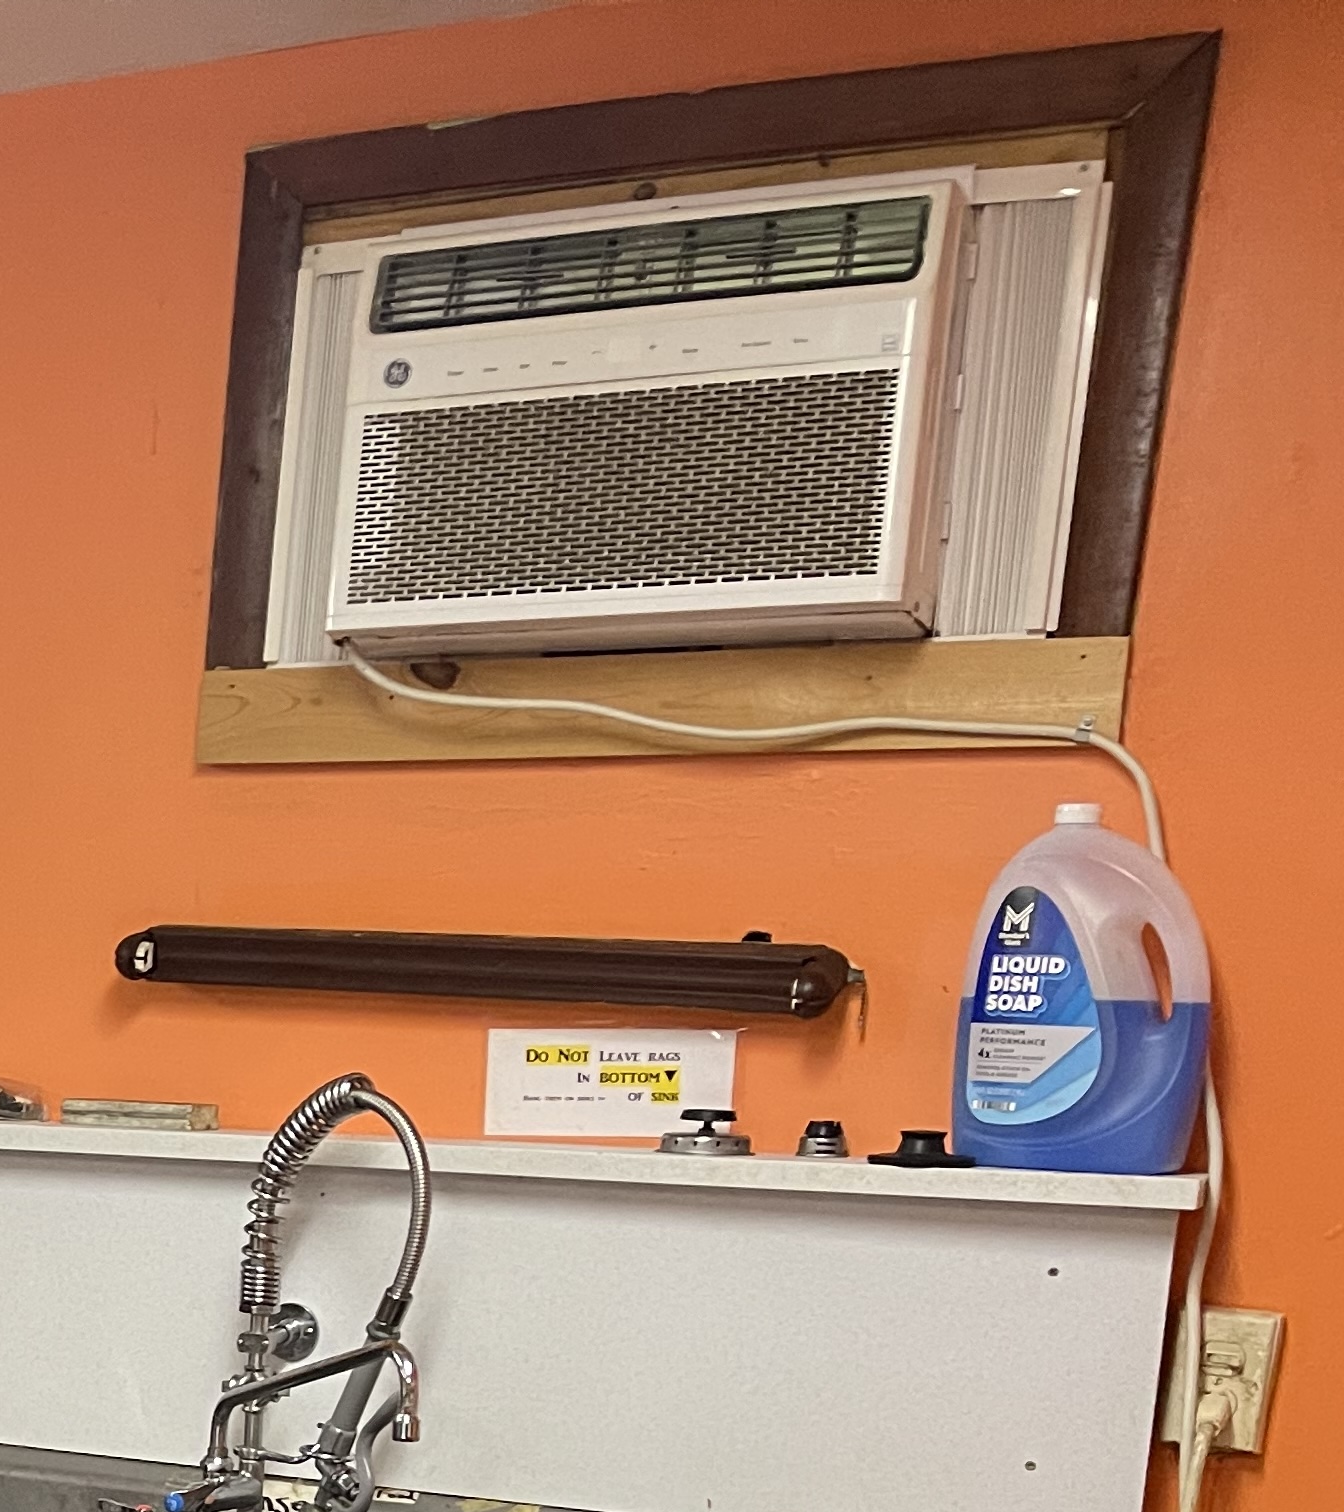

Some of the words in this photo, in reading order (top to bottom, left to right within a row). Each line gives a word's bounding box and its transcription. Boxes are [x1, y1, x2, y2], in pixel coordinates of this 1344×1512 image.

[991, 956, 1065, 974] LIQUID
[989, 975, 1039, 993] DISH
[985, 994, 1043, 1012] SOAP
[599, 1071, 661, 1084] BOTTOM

++++++++

All of the entries need to be retyped word for word, pictures excluded.

Some of the words in this photo, in reading order (top to bottom, left to right within a row). Each line gives a word's bounding box and its transcription. Boxes are [x1, y1, x2, y2], in pixel coordinates of this 1344×1512 image.

[991, 956, 1065, 974] LIQUID
[989, 975, 1039, 993] DISH
[985, 994, 1043, 1012] SOAP
[599, 1071, 661, 1084] BOTTOM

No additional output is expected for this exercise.